The AG’s statement prompted Georgiades to respond in public which in turn triggered a new public reaction by Clerides.
“With your comments today you had showed contempt for the Law Office’s and the AG’s opinions, by saying that there are often different interpretations of the law,” Clerides said. The AG added that when the interviewing CyBC radio anchor argued that the Law Office already interpreted the law, “you replied that there are courts which interpret laws”.
Georgiades wants to bar Auditor-general Odysseas Michaelides from auditing the Cooperative Central Bank citing the need for flexibility dictated by competitive market conditions. He said a few hours earlier that the legislation passed by the parliament could be subject to interpretation. “There are courts which ultimately interpret whether something is legal or not,” the minister had said.
Clerides said that Georgiades’s comments completely defy “constitutional provisions” according to which the Republic’s Law Office and the AG are the legal counsellors of ministers and their opinions have to be respected and applied by government agencies. In addition, three private law firms advising the Cooperative Central Bank opined in February that Cyprus’s second largest lender is indeed a state-owned enterprise as a result, the provisions of the legislation do apply in its case, Clerides said.
While the standoff between Georgiades and the audit office threatens to seriously damage the image of the finance minister who is given credit for steering Cyprus out of the 2013 crisis and helping the economy back to growth earlier than expected, the minister responded to Clerides’s letter by sending him a written response which was also given to the media.
“Your position that anyone’s right to resort to justice constitutes contempt of your Office’s opinions, surprises me,” the minister was quoted as saying by the Cyprus News Agency.
The opinion in question, Georgiades continued in his letter, “was not even forwarded to the finance ministry” and added that it had to ask the AG’s office to receive a copy.
The terms under which the Cooperative Central Bank received financial assistance, “necessitate the state’s non-involvement in the organisation’s unimpeded operation,” Georgiades said. “That you have issued an opinion based on which the cooperative banks has to be considered and operate as a state organisation, is exactly the essence of the issue which emerged and therefore the amendment of the legislation may be necessary, something which is an inalienable right of the legislative”.

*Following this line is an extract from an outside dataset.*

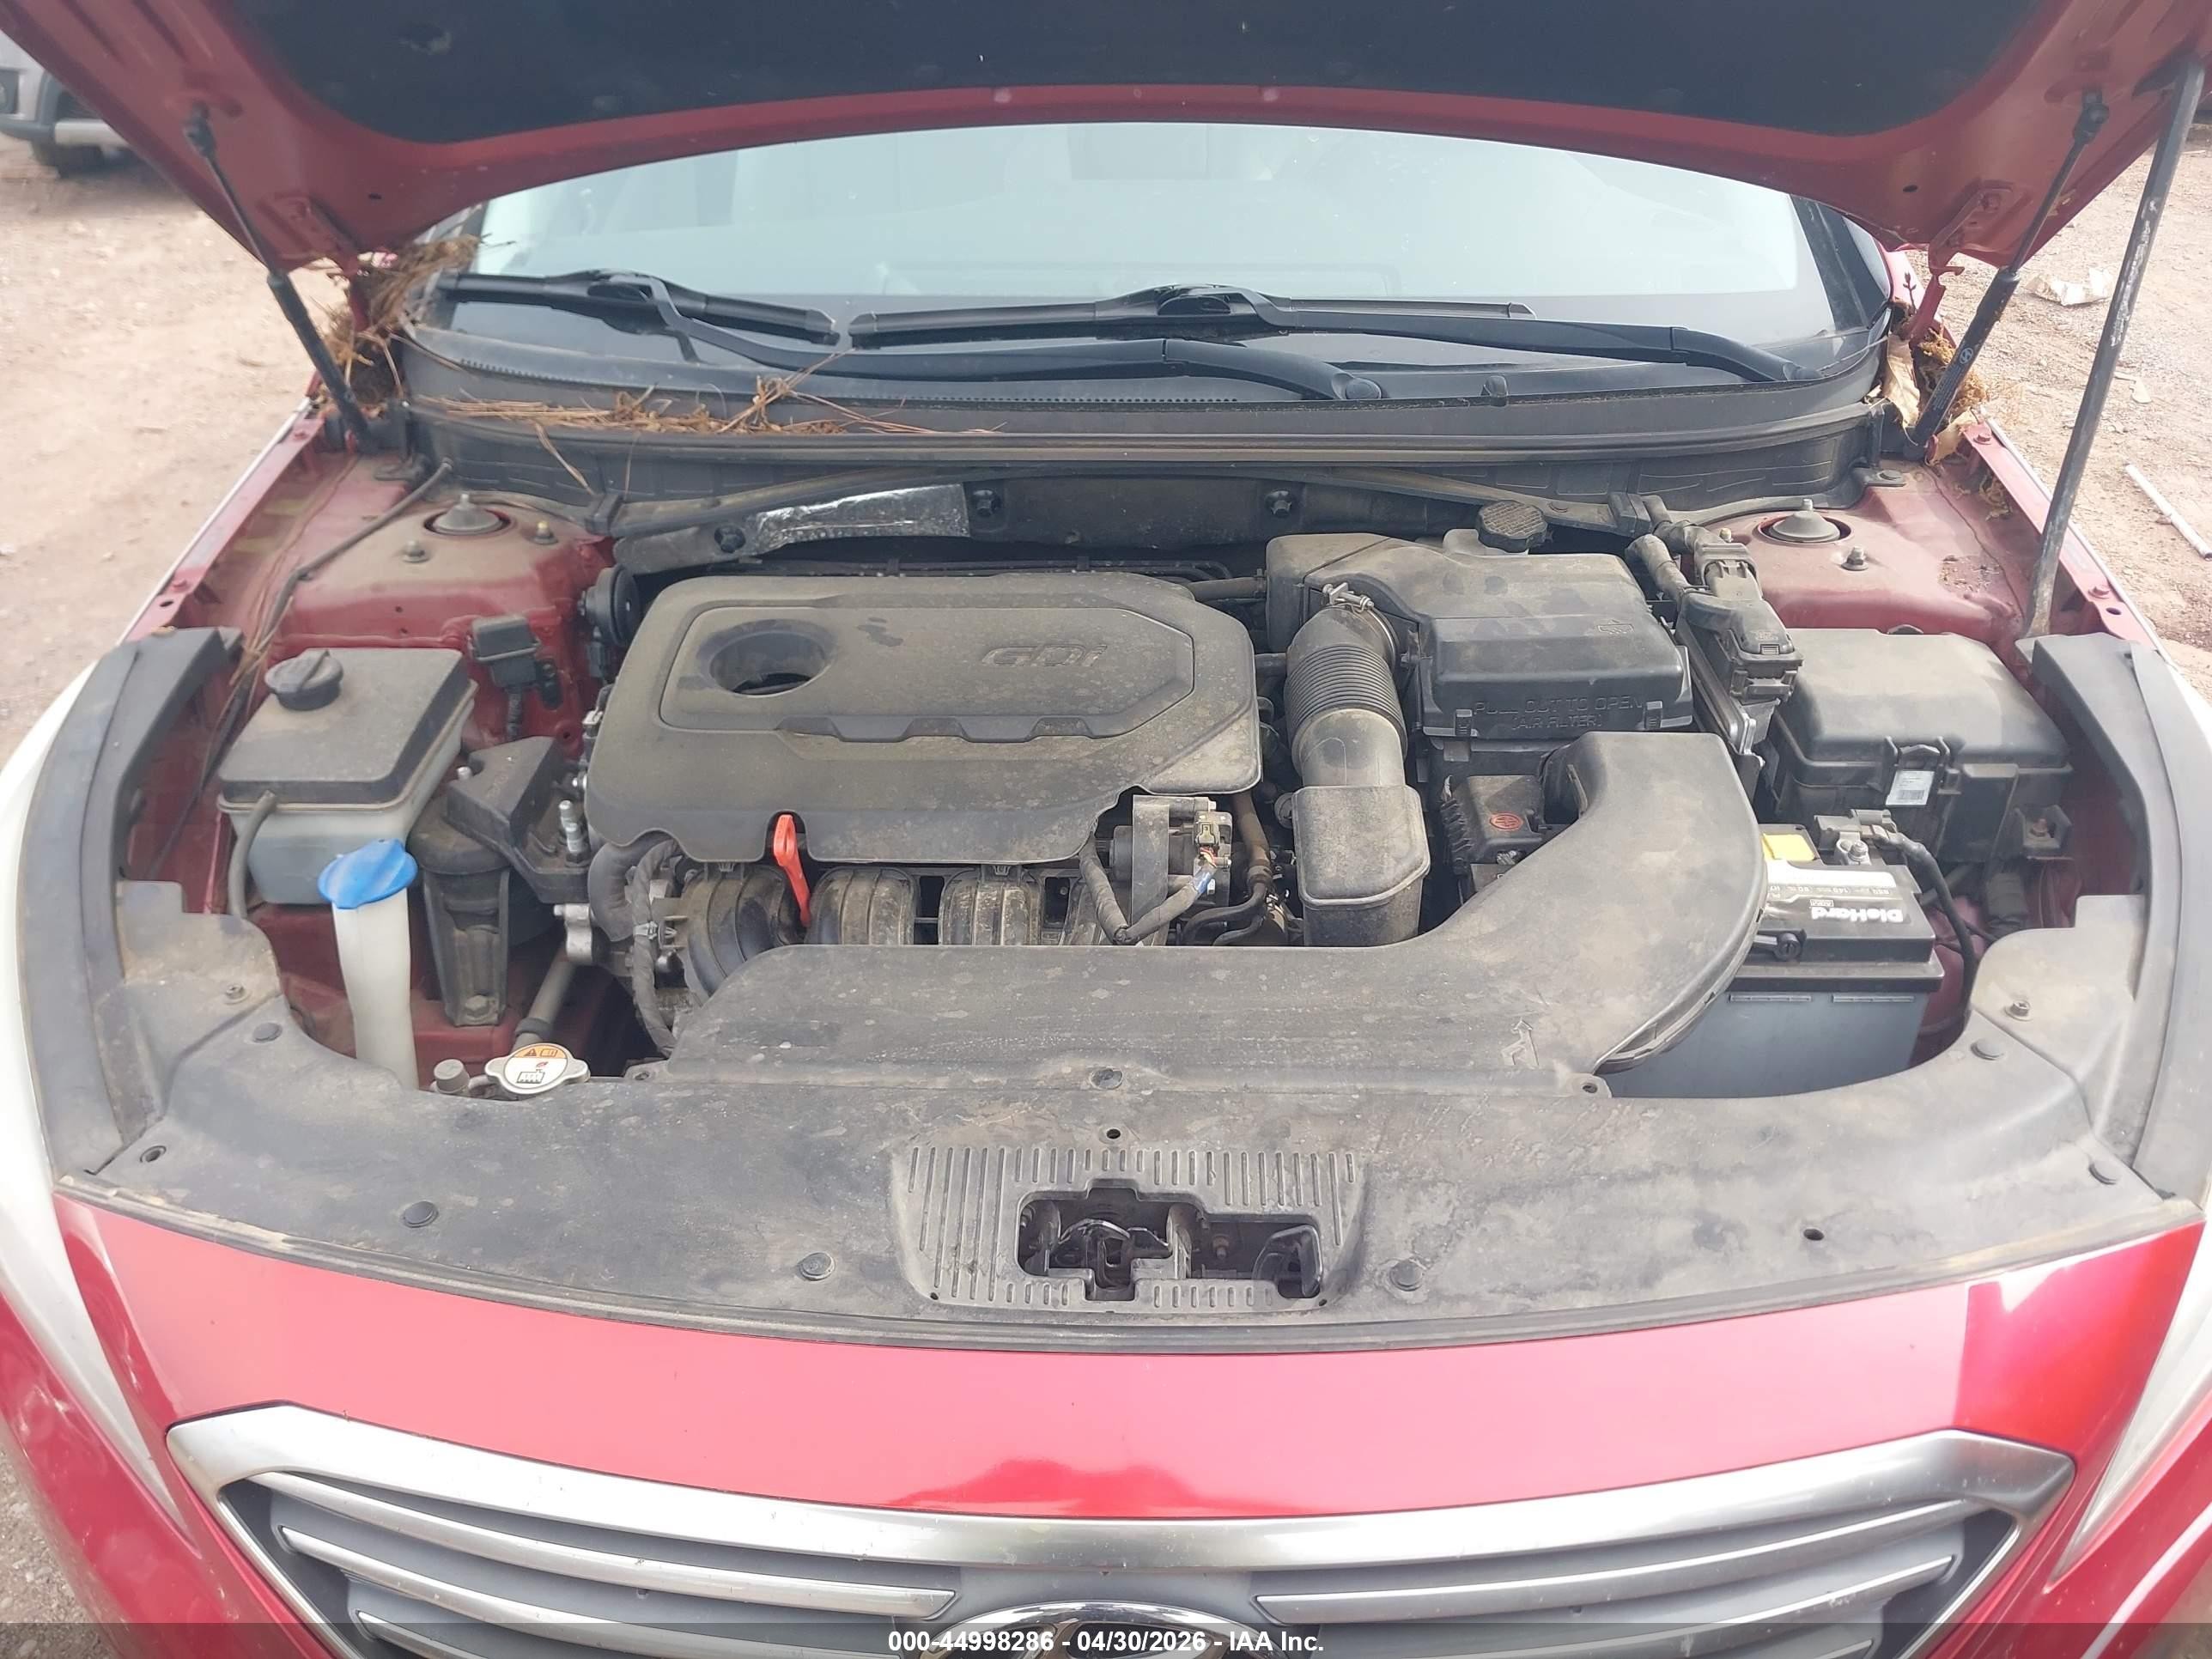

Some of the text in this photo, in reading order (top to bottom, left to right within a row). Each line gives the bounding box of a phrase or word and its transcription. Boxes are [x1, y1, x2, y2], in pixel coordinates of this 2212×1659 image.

[1524, 698, 1563, 714] OUT
[1565, 697, 1589, 712] TO
[1594, 695, 1644, 711] OPEN
[1811, 906, 1904, 923] DieHard

Clerides responded to Georgiades’s letter in a public statement in which he said that he had not forwarded his opinion to the ministry of finance because it was the Cooperative Central Bank which had requested it. “As soon as the minister asked for a copy, I sent (one) at once,” the AG said. “It would be best for the minister to advise the cooperative bank’s leadership to comply with the provisions of the legislation as it stands now instead of disputing opinions of the state’s legal advisors and encourage those affected to consider the possibility of resorting to the justice”.
Earlier, auditors from Michaelides’s agency who attempted on Tuesday to enter the premises of the Cooperative Bank were not admitted – after being prevented from doing so on October 26 -, the audit office said in a statement. Michaelides said on various occasions that the procedure applied when the bank appointed its former chairman Nicholas Hadjiyiannis as chief executive officer was questionable.

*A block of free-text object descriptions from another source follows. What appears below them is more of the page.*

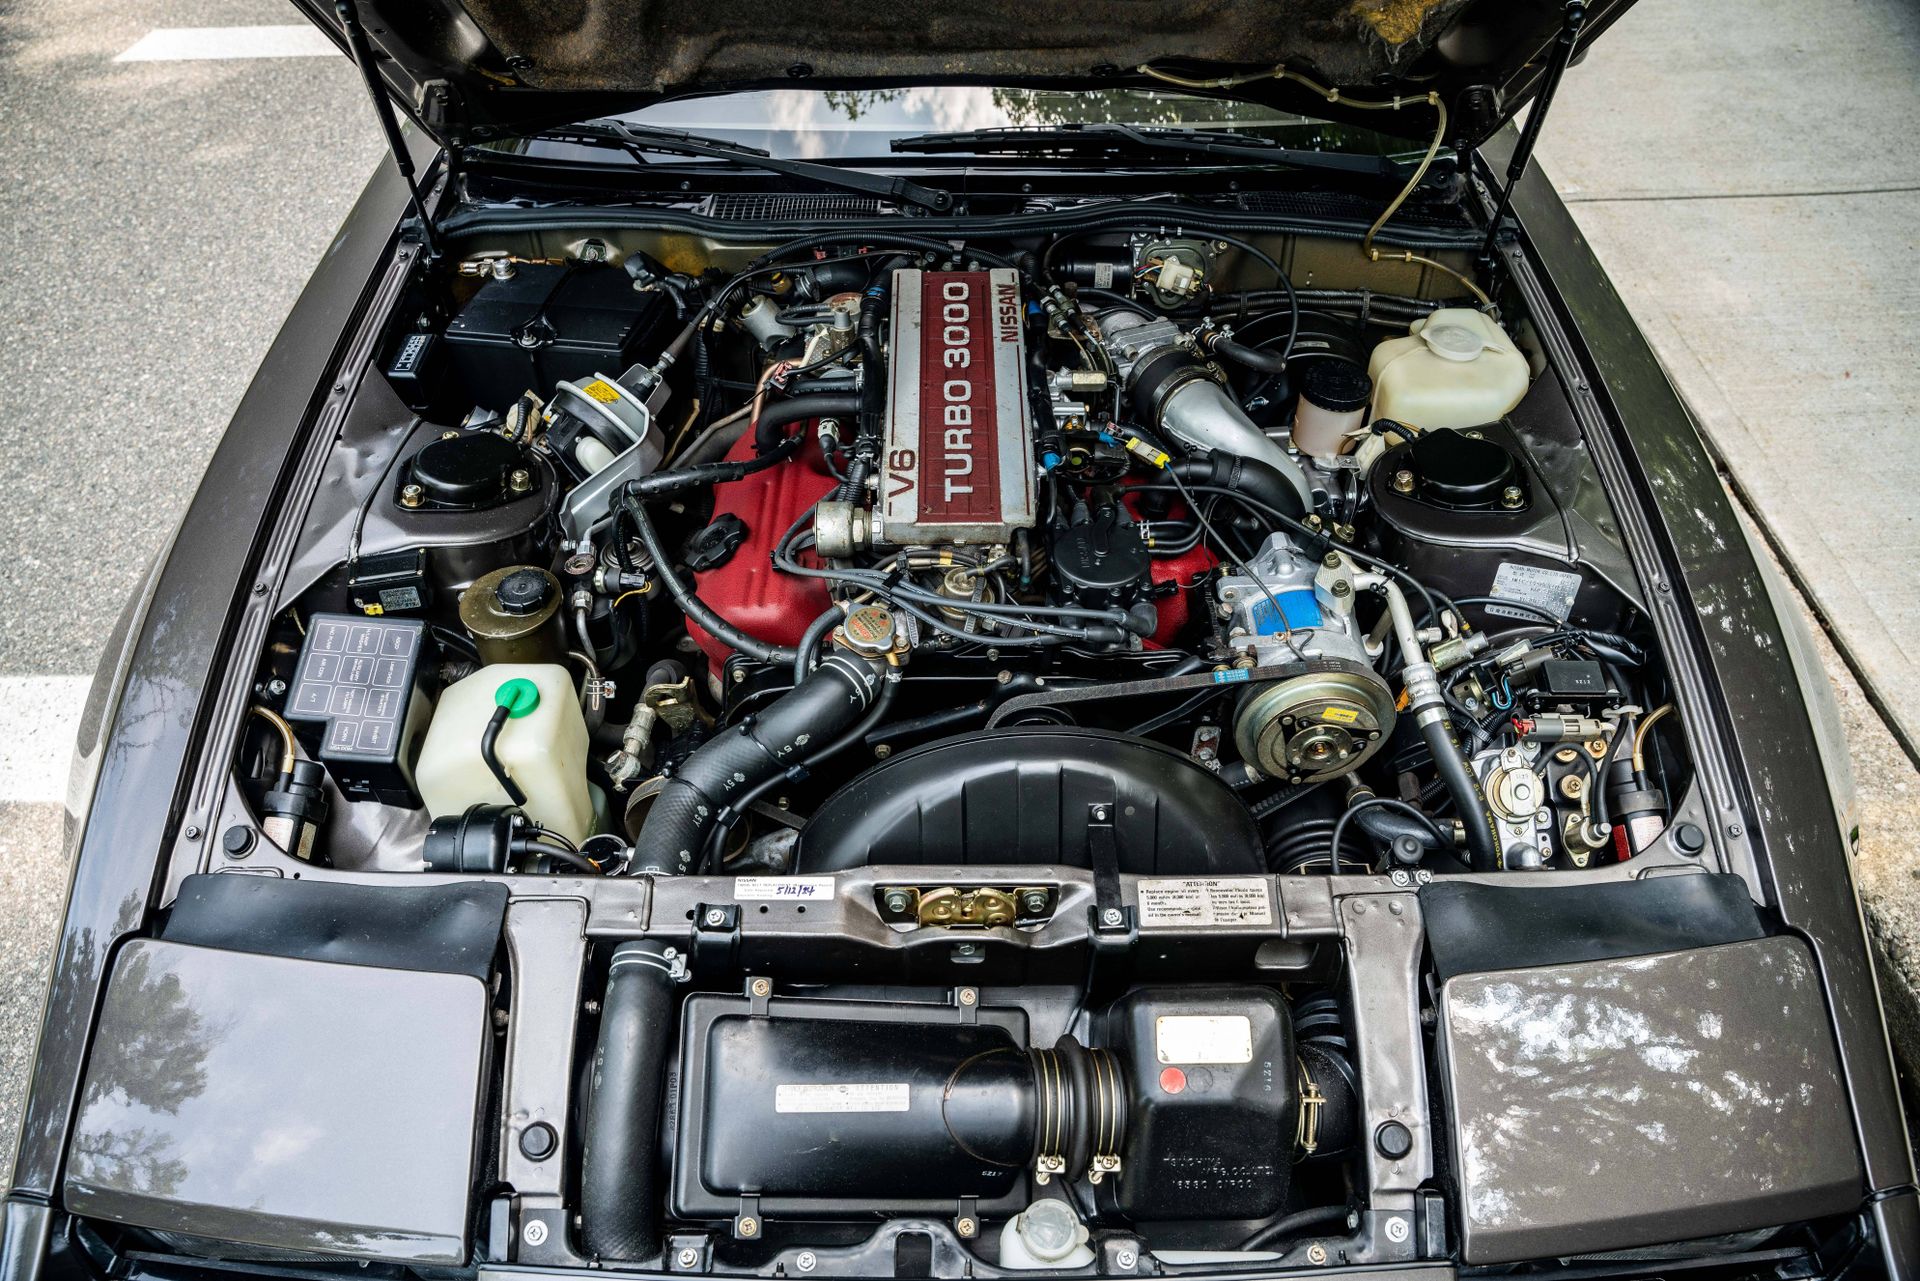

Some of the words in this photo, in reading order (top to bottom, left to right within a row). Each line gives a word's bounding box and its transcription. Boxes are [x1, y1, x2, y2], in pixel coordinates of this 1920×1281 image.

[943, 282, 970, 368] 3000
[998, 284, 1018, 343] NISSAN
[944, 380, 973, 502] TURBO
[888, 449, 916, 498] V6
[776, 745, 792, 758] 5Y
[1462, 761, 1475, 778] LOW
[723, 778, 736, 791] 5Y
[692, 813, 703, 828] 5Y
[1485, 810, 1502, 859] YOKOHAMA

“As the AG opined, the Republic’s auditor-general has all the rights, powers and obligations” like in the case of all organisations he audits, the audit office statement said.

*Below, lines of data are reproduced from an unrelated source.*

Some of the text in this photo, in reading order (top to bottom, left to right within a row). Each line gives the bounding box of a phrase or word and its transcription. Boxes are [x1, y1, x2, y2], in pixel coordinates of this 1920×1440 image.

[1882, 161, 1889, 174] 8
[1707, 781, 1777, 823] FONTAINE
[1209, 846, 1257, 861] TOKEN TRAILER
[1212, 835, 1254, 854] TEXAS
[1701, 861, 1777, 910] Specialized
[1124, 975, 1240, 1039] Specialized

“The Cooperative Central Bank’s financial audit is already carried out by a private audit company,” which the bank appointed, and the audit office is ready to provide its approval a posteriori, the government auditors said adding that their work will be “an administrative audit which includes a compliance audit” and not the bank’s supervision.
The European Central Bank’s Single Supervisory Mechanism together with the Central Bank of Cyprus supervises the Cooperative Central Bank since 2014.